Mount Dechen is a 2643 metre mountain in the West Coast Region of New Zealand.

==Description==
Mount Dechen is located in the Southern Alps of the South Island. Precipitation runoff from the mountain drains east into the Landsborough River, southwest into the headwaters of the Ōtoko River, and north into the headwaters of the Edison River. Topographic relief is significant as the summit rises 1700. m above the Ōtoko Valley in four kilometres, and 2220. m above the Landsborough Valley in four kilometres. The nearest higher peak is Mount Ward, nine kilometres to the southeast.
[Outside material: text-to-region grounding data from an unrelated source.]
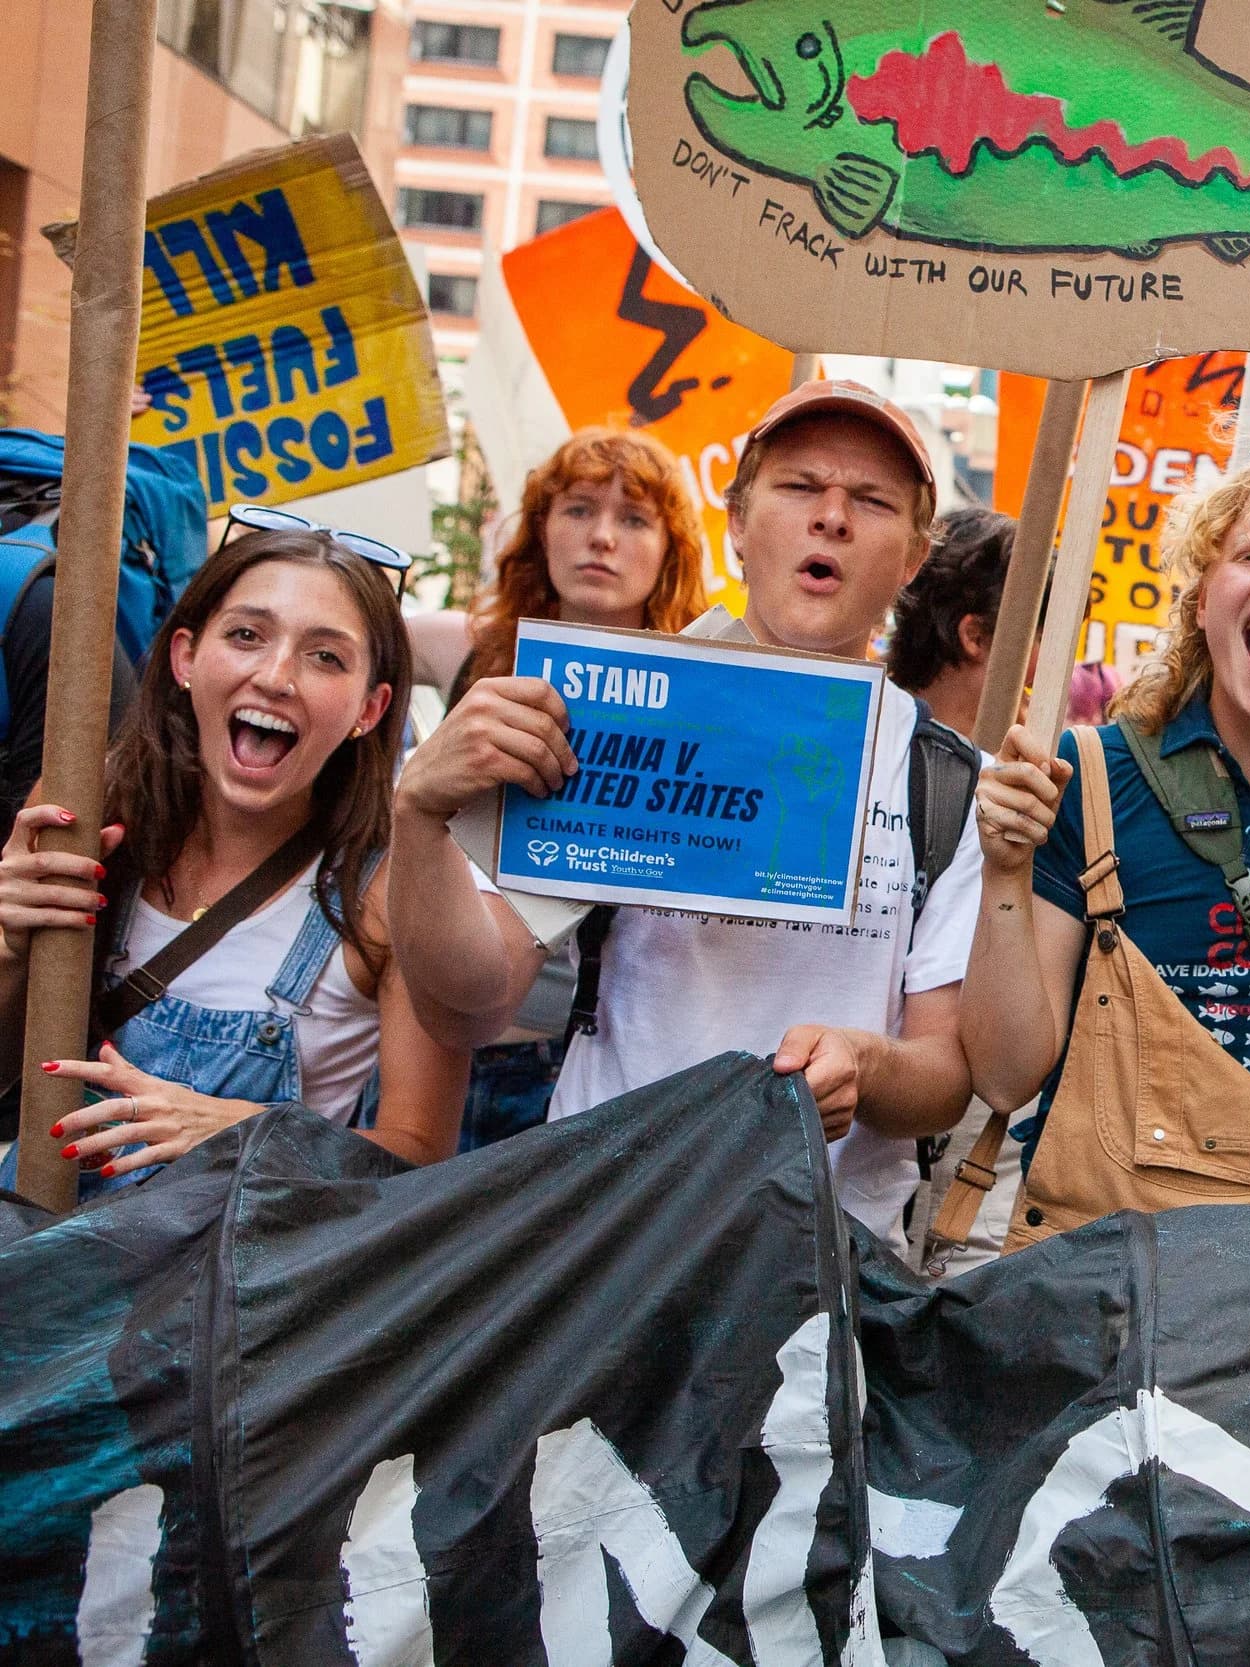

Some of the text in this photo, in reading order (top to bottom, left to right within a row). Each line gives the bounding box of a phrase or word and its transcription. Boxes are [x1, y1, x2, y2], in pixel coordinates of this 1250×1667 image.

[672, 138, 1184, 302] DON'T FRACK WITH OUR FUTURE
[142, 187, 317, 317] KILL
[143, 305, 361, 432] FUELS
[563, 661, 670, 710] STAND
[566, 728, 704, 778] LIANA V.
[553, 769, 764, 823] ITED STATES
[526, 816, 742, 851] CLIMATE RIGHTS NOW!
[566, 843, 597, 858] Our
[566, 857, 608, 873] Trust
[611, 865, 637, 875] Youth
[863, 854, 900, 868] ential
[754, 870, 844, 886] bit.ly/climaterightsnow
[775, 880, 823, 892] #youthvgov
[761, 887, 835, 901] #climaterightsnow
[821, 923, 891, 940] materials
[1155, 964, 1190, 977] AVE
The mountain's toponym was applied by Julius von Haast to honour his geology teacher, Ernst Heinrich Karl von Dechen (1800–1889).

==Climbing==
The first ascent of the summit was made in March 1935 by Marjorie Edgar-Jones, Gladys Acton-Adams, Frank Alack, and Tom Christie.
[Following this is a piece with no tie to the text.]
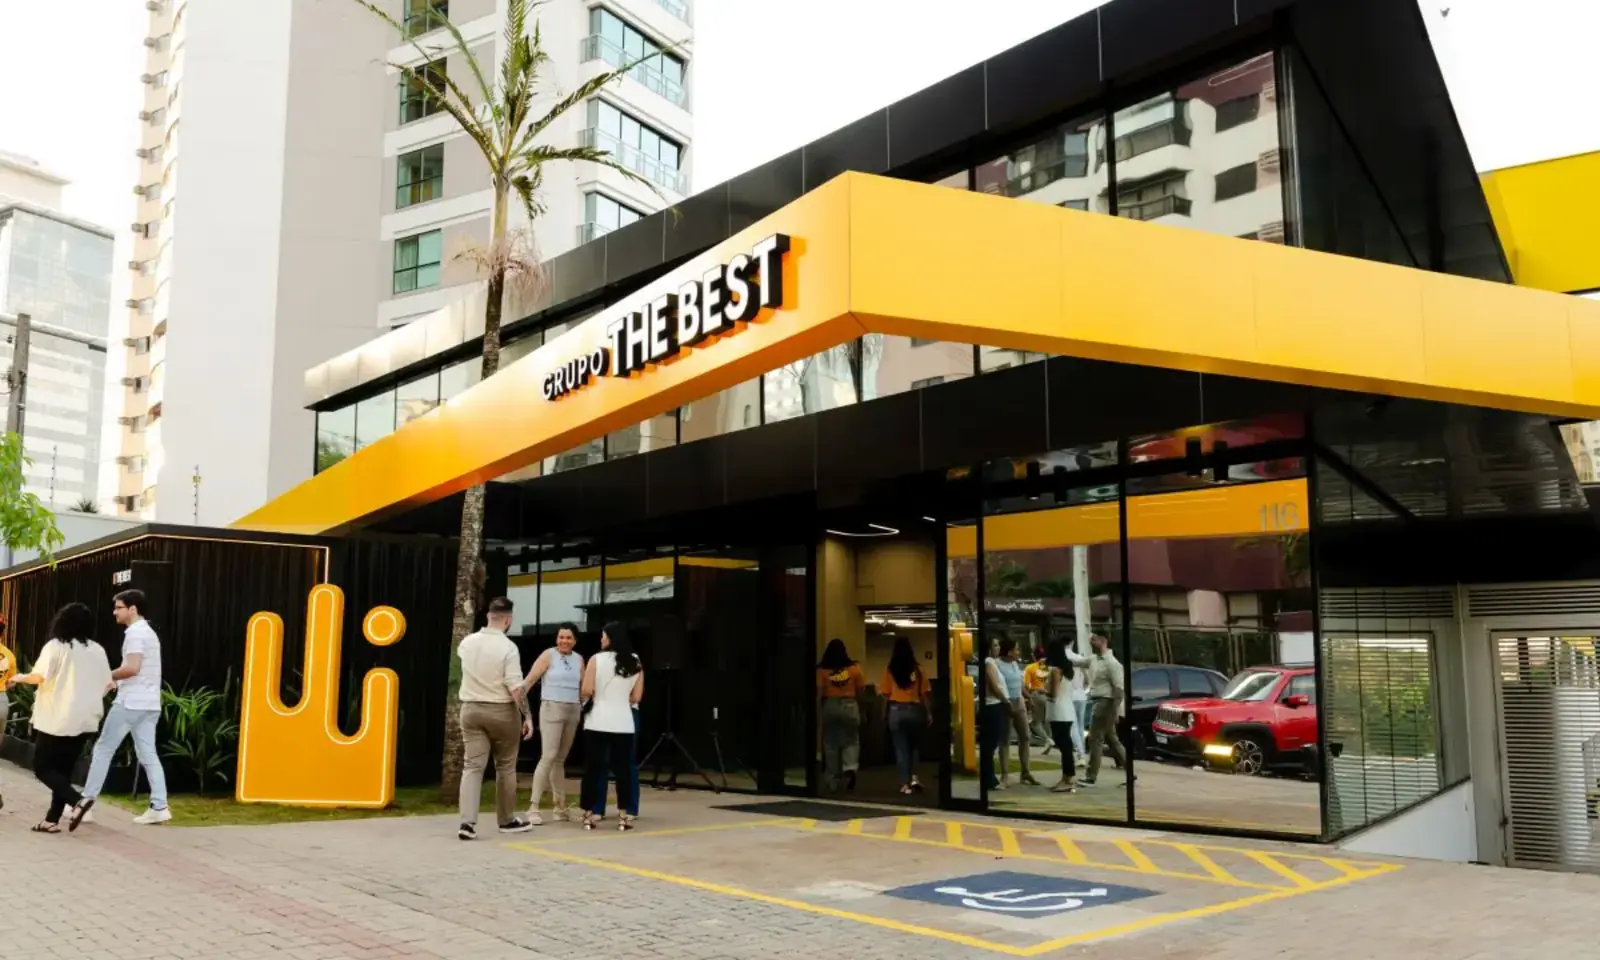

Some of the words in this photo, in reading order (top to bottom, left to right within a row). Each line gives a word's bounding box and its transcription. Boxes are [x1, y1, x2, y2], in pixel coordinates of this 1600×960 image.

[543, 347, 607, 400] GRUPO
[607, 293, 672, 376] THE
[678, 233, 785, 346] BEST
Climbing routes with the first ascents:

- South Ridge – Marjorie Edgar-Jones, Gladys Acton-Adams, Frank Alack, Tom Christie – (1935)
- East Face – Norman Hardie, Jim McFarlane – (1947)
- North East Ridge – Trevor McCann, Maurie Bishop – (1952)
- Ōtoko Couloir – Dick Tornquist, Vic McGregor, Alex Parton, John Luxton, Tim Barfoot, George Hunter – (1961)

==Climate==
Based on the Köppen climate classification, Mount Dechen is located in a marine west coast (Cfb) climate zone, with a subpolar oceanic climate (Cfc) at the summit. Prevailing westerly winds blow moist air from the Tasman Sea onto the mountains, where the air is forced upward by the mountains (orographic lift), causing moisture to fall in the form of rain or snow. This climate supports the Dechen and McCardell glaciers on the slopes of the peak. The months of December through February offer the most favourable weather for viewing or climbing this peak.